● **To do**
Images stay out; everything else in the records is to be set down exactly.

START Entries shown

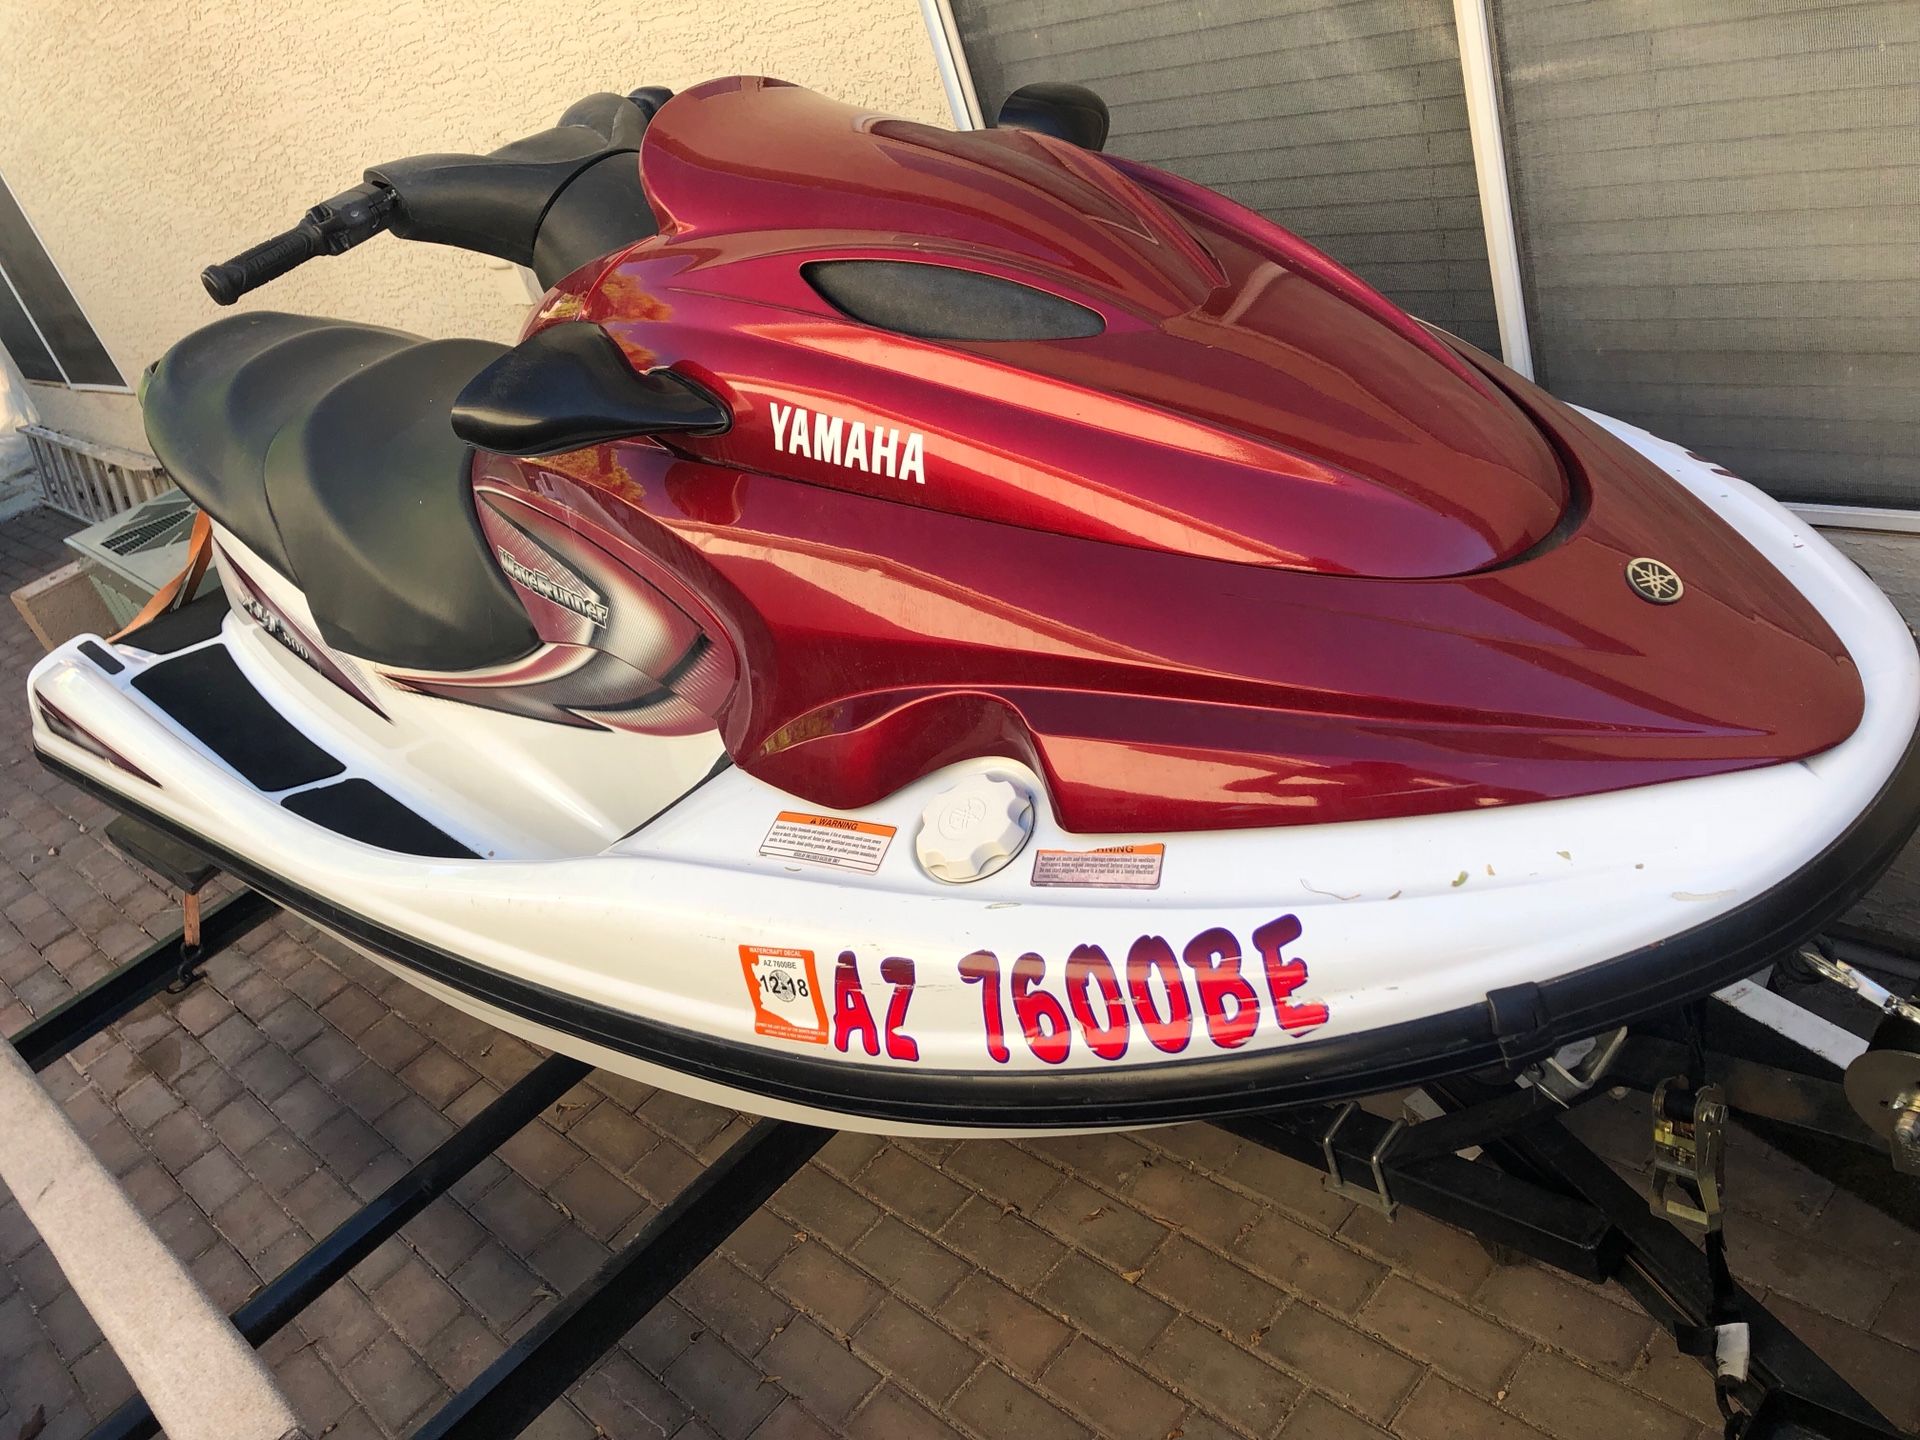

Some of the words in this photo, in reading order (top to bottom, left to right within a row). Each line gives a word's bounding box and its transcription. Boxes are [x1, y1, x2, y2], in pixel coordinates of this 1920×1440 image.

[769, 402, 926, 485] YAMAHA
[498, 545, 609, 629] WaveRunner
[818, 818, 859, 831] WARNING
[773, 960, 797, 969] 7600BE
[783, 949, 801, 957] DECAL
[760, 974, 808, 997] 12-18
[833, 950, 920, 1063] AZ
[957, 913, 1330, 1065] 7600BE

END Entries shown

● **Result of the exercise**
Some of the words in this photo, in reading order (top to bottom, left to right within a row). Each line gives a word's bounding box and its transcription. Boxes are [x1, y1, x2, y2], in pixel coordinates of this 1920×1440 image.

[769, 402, 926, 485] YAMAHA
[498, 545, 609, 629] WaveRunner
[818, 818, 859, 831] WARNING
[773, 960, 797, 969] 7600BE
[783, 949, 801, 957] DECAL
[760, 974, 808, 997] 12-18
[833, 950, 920, 1063] AZ
[957, 913, 1330, 1065] 7600BE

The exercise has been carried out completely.